To understand the naming convention used for runways, note that each pair of numbers corresponds to the name of each runway end. The numbers are a shorthand notation that indicates the runway’s geographical orientation: the compass heading of the runway, rounded to the nearest ten degrees, with the trailing zero dropped. For example, the magnetic heading of Runway 28 is approximately 284 degrees. The number is rounded to 280, and finally to 28 with the zero dropped; hence, Runway 28. Simple geometry requires that the difference between the designation of each end equals 18 (that is, 180 degrees); hence, Runway 10 is in the opposite direction from Runway 28.
A preferential runway system is a local traffic control procedure that identifies a specific runway for use when specific conditions are present. The MDOT MAA maintains a preferential runway use program to minimize the aircraft noise impact on neighboring communities. For noise abatement purposes, west flow, which concentrate turbojet departures on Runway 28, are preferred.
Prevailing wind speed, direction and weather factors determine the direction of air traffic flow. Aircraft usually take off and land into the wind to meet safety and operational requirements. BWI Marshall typically operates in one of two configurations, based on wind and weather conditions. During west flow, all jet aircraft primarily depart from Runway 28 and arrive on Runway 33L. Historical trends result in annual average west flow of about 70%. During east flow, all jet aircraft primarily depart from Runway 15R and arrive on Runway 10. Historical trends result in annual average east flow of about 30%.

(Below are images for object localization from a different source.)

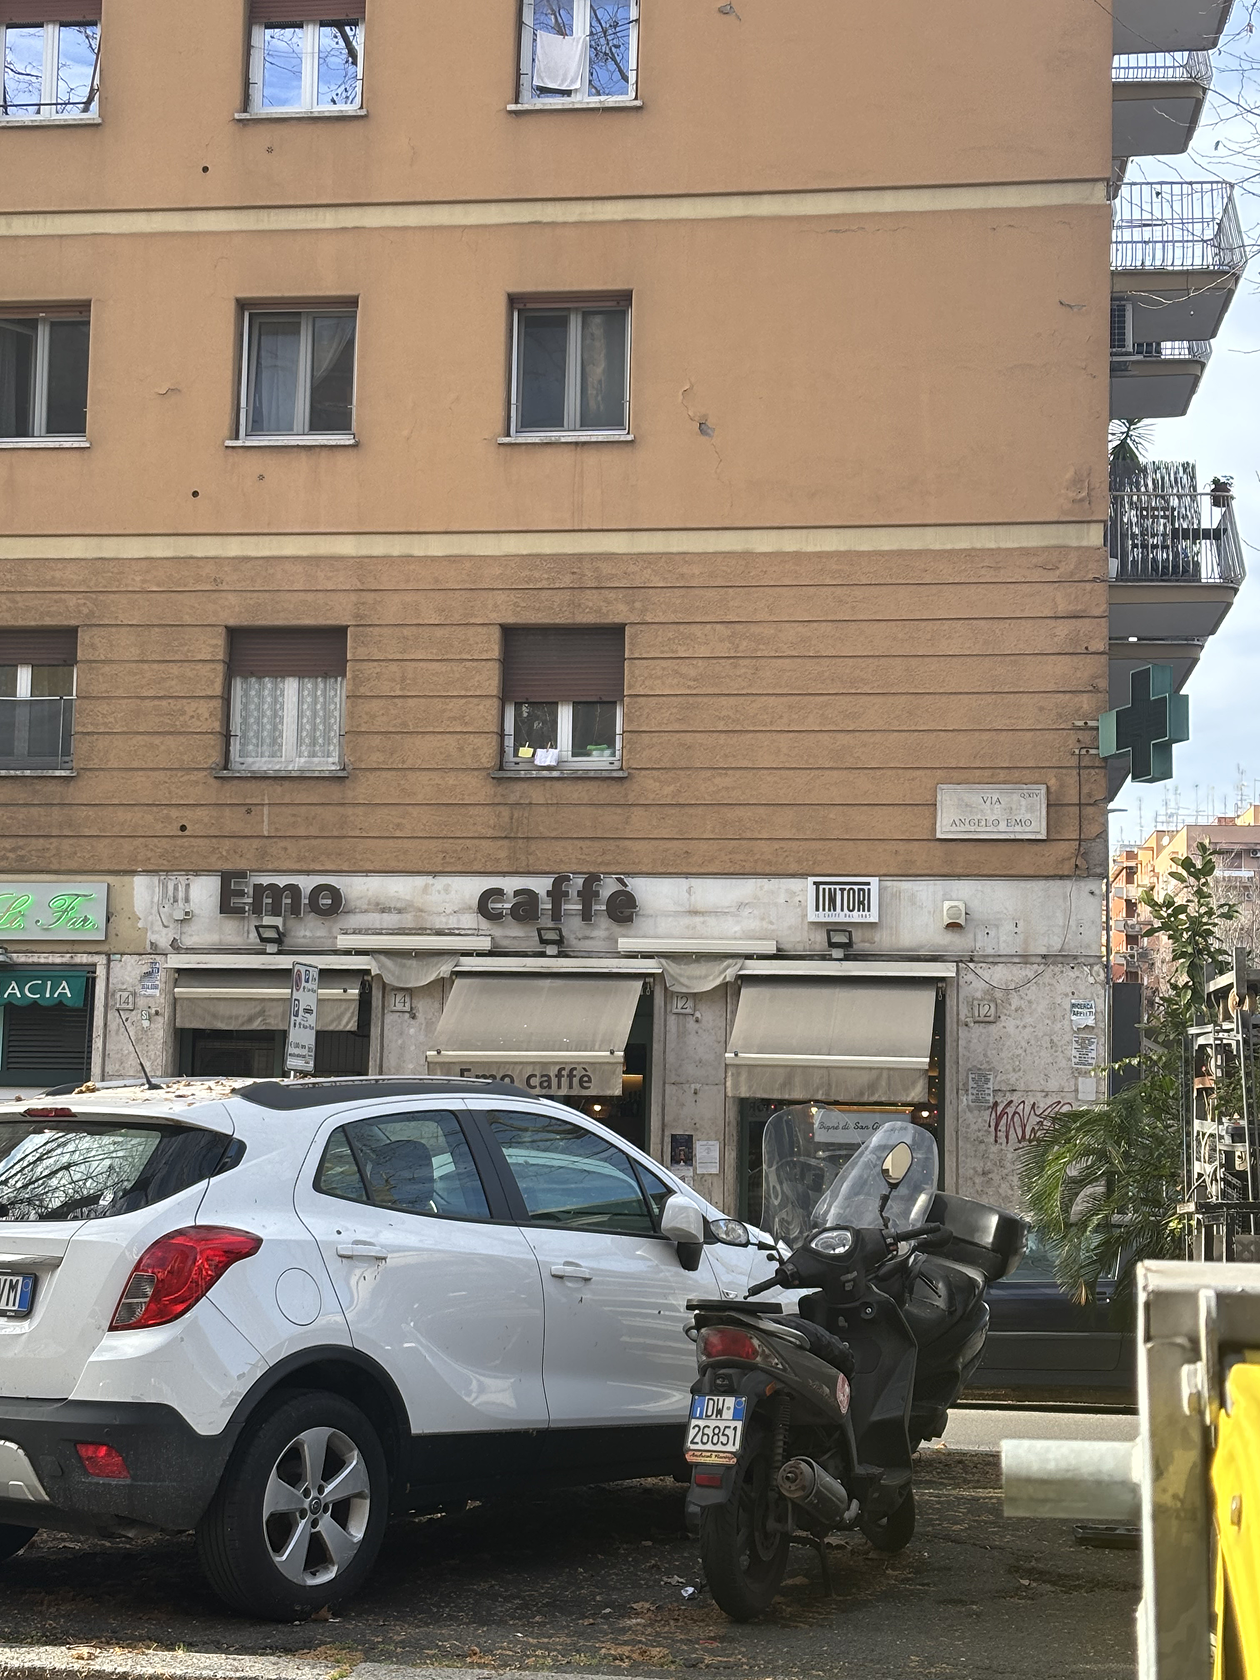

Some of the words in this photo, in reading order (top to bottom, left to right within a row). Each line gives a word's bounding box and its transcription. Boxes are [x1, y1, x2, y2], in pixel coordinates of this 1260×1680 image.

[981, 796, 1002, 805] VIA
[950, 818, 1000, 827] ANGELO
[1006, 818, 1033, 828] EMO
[219, 869, 346, 917] Emo
[477, 873, 640, 924] caffè
[813, 881, 871, 912] TINTORI
[3, 980, 72, 998] ACIA
[119, 993, 131, 1007] 14
[393, 993, 408, 1007] 14
[675, 995, 688, 1009] 12
[977, 1003, 992, 1018] 12
[526, 1067, 593, 1090] caffè
[819, 1121, 840, 1132] Bignè
[841, 1121, 850, 1130] di
[853, 1121, 870, 1130] San
[705, 1398, 725, 1418] DW
[690, 1424, 738, 1446] 26851
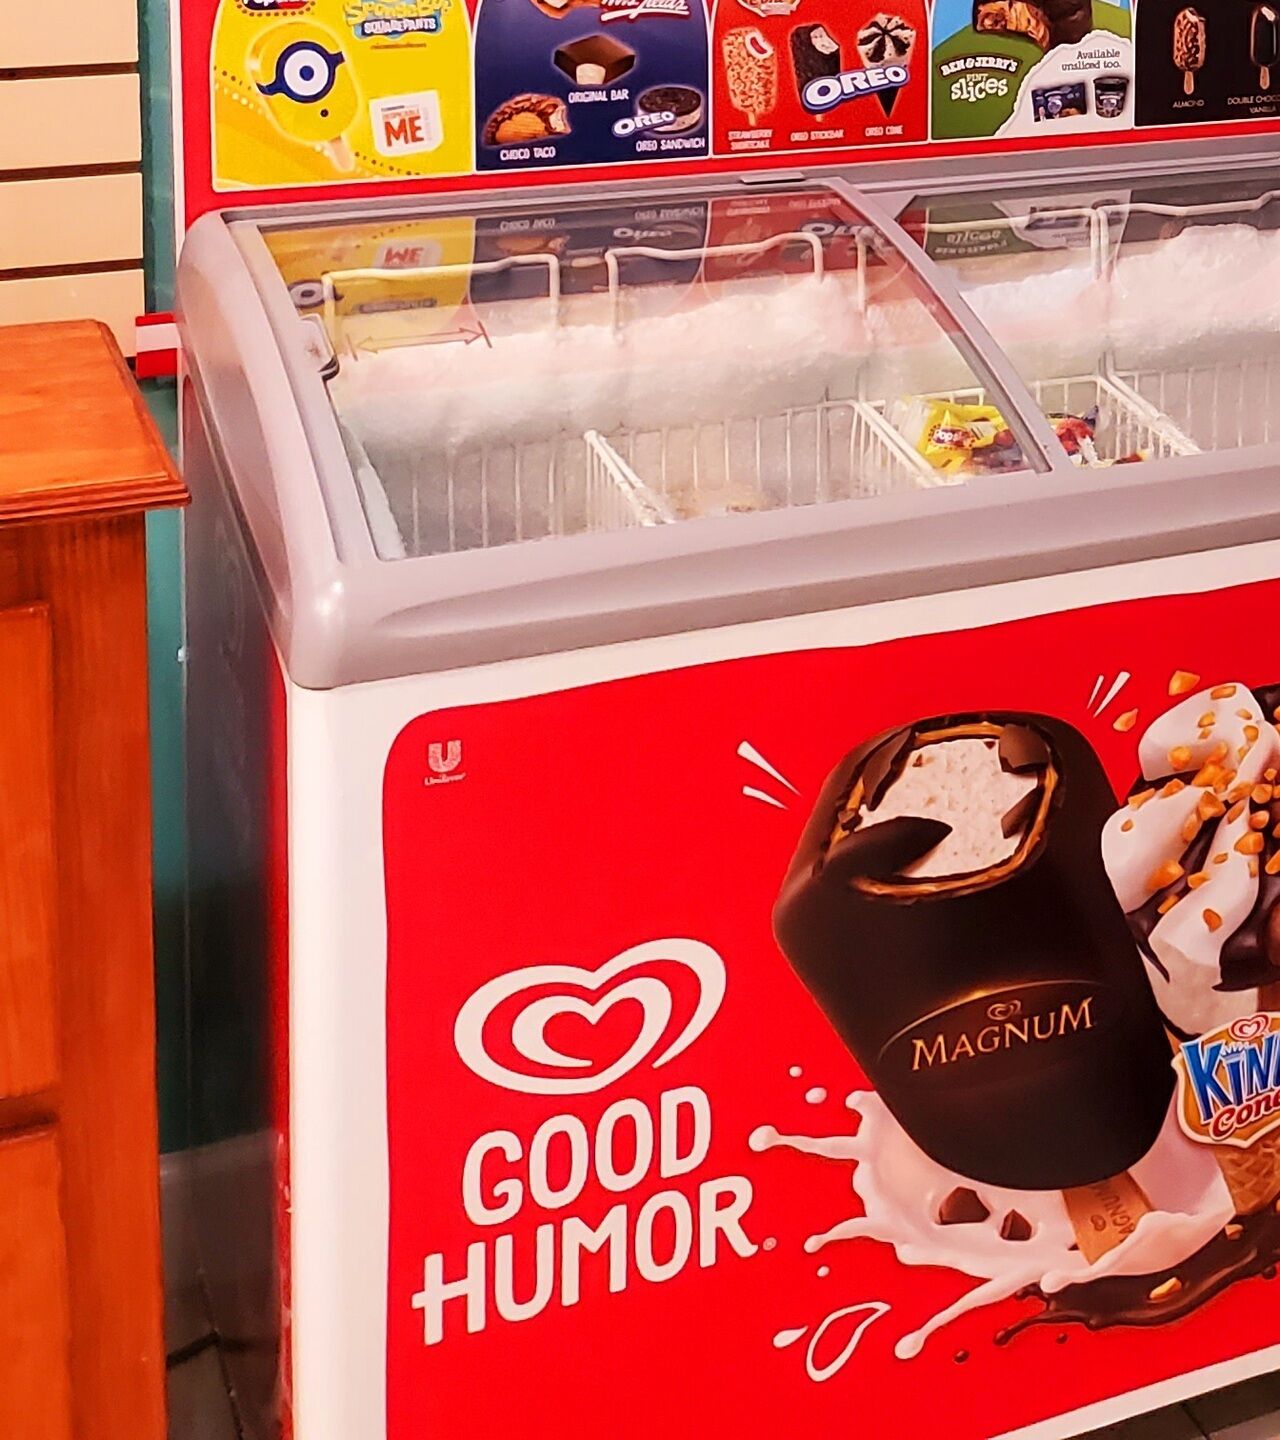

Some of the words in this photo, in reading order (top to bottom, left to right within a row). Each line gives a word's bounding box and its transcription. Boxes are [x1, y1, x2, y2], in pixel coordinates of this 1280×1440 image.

[364, 18, 436, 34] SQUAREPANTS
[1077, 49, 1120, 60] Available
[974, 56, 1018, 72] JERRY'S
[1062, 61, 1100, 71] unsliced
[1104, 60, 1121, 69] too.
[806, 67, 906, 105] OREO
[951, 77, 1008, 101] slices
[569, 92, 606, 103] ORIGINAL
[611, 89, 629, 101] BAR
[1173, 100, 1204, 108] ALMOND
[1228, 96, 1254, 105] DOUBLE
[614, 112, 674, 134] OREO
[384, 116, 424, 147] ME
[636, 140, 657, 151] OREO
[661, 137, 705, 150] SANDWICH
[500, 149, 530, 160] CHOCO
[534, 147, 555, 158] TACO
[910, 994, 1095, 1072] MAGNUM
[462, 1084, 712, 1227] GOOD
[412, 1174, 759, 1346] HUMOR
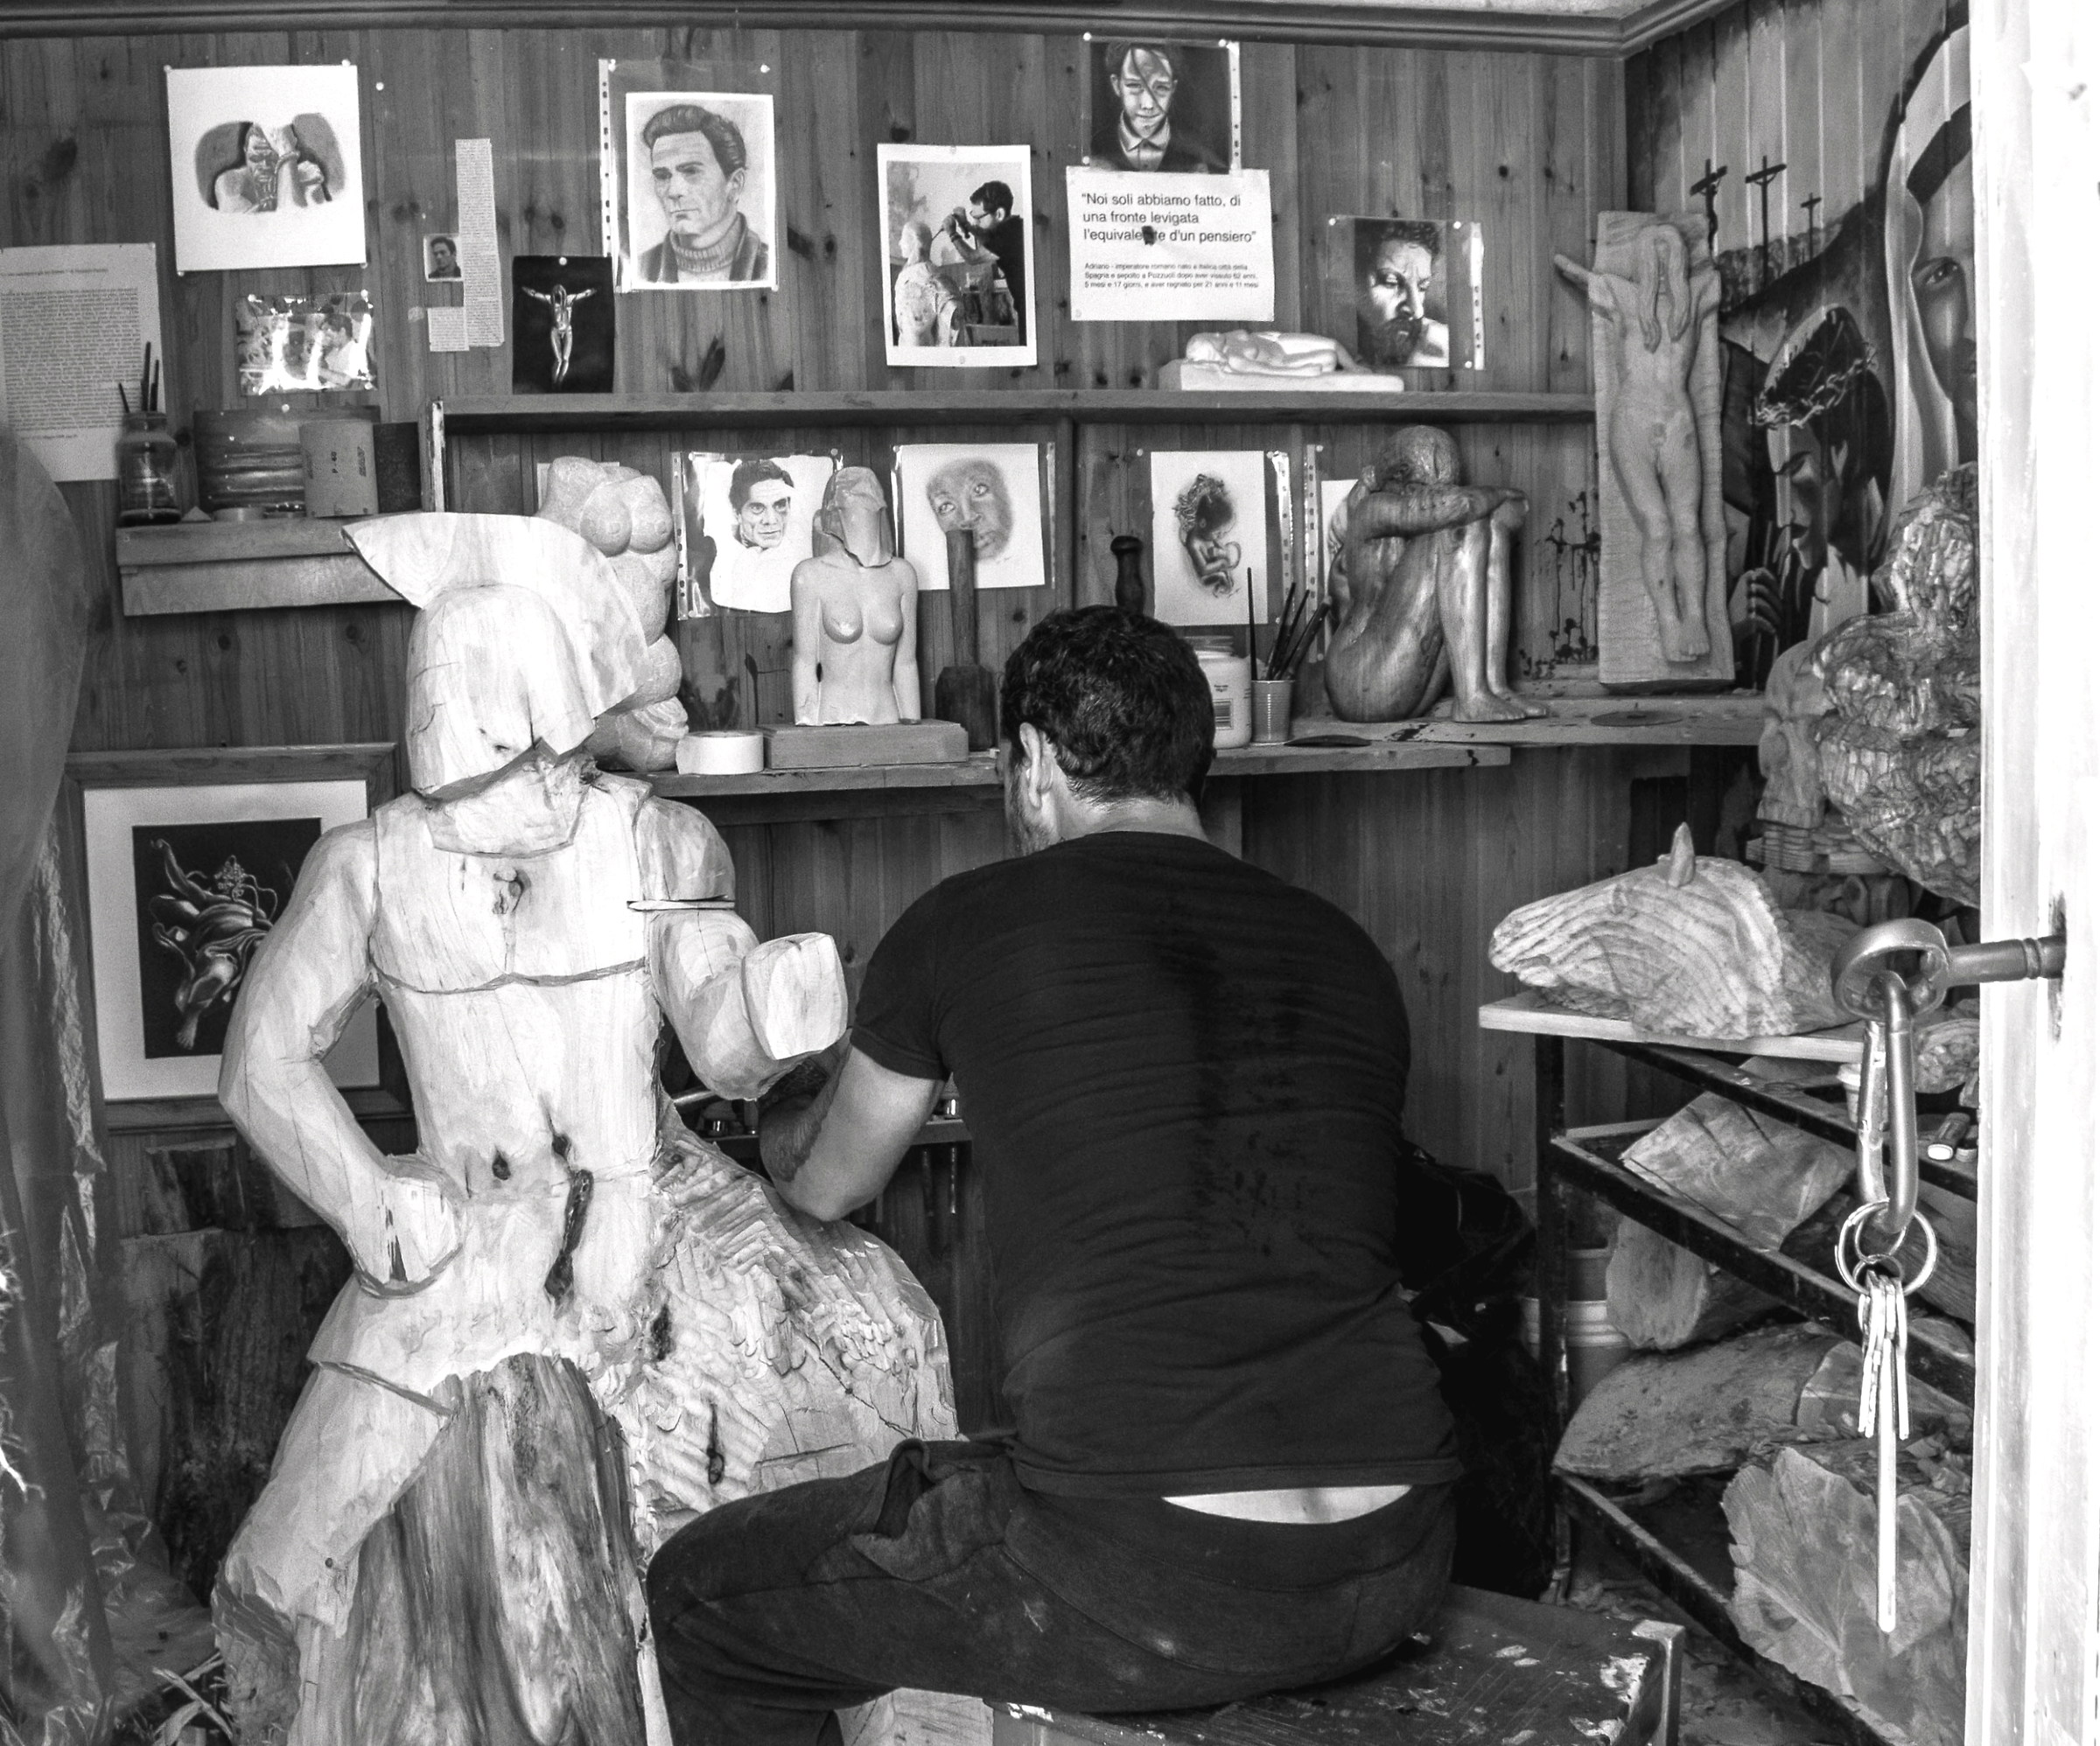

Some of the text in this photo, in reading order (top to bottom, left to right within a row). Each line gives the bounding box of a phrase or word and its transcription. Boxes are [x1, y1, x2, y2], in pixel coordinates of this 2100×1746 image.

There are a number of factors that influence noise levels from aircraft overflights. Noise levels from different types of aircraft varies, based on the number and type of engines, the size of the aircraft, and the type of operation (arrival, departure, or overflight). Weather factors, such as temperature, humidity, the type and amount of cloud cover, wind speed and direction all influence the propagation of sound. In general, hot and humid weather reduces an aircraft’s ability to climb quickly, resulting in aircraft that are lower to the ground and louder. Scenarios of low dense clouds can cause a thermal inversion, which reflects noise back down to earth.
MDOT MAA has a permanent noise and operations monitoring system. Staff has access to ANOMS (Airport Noise and Operations Monitoring System) including 24 state-of-the-art permanent and three portable noise monitors. ANOMS provides reliable airport operations data, archives data for future airport decisions, validates complaint information, tracks effects of air traffic routing procedures, and validates computer-generated noise models.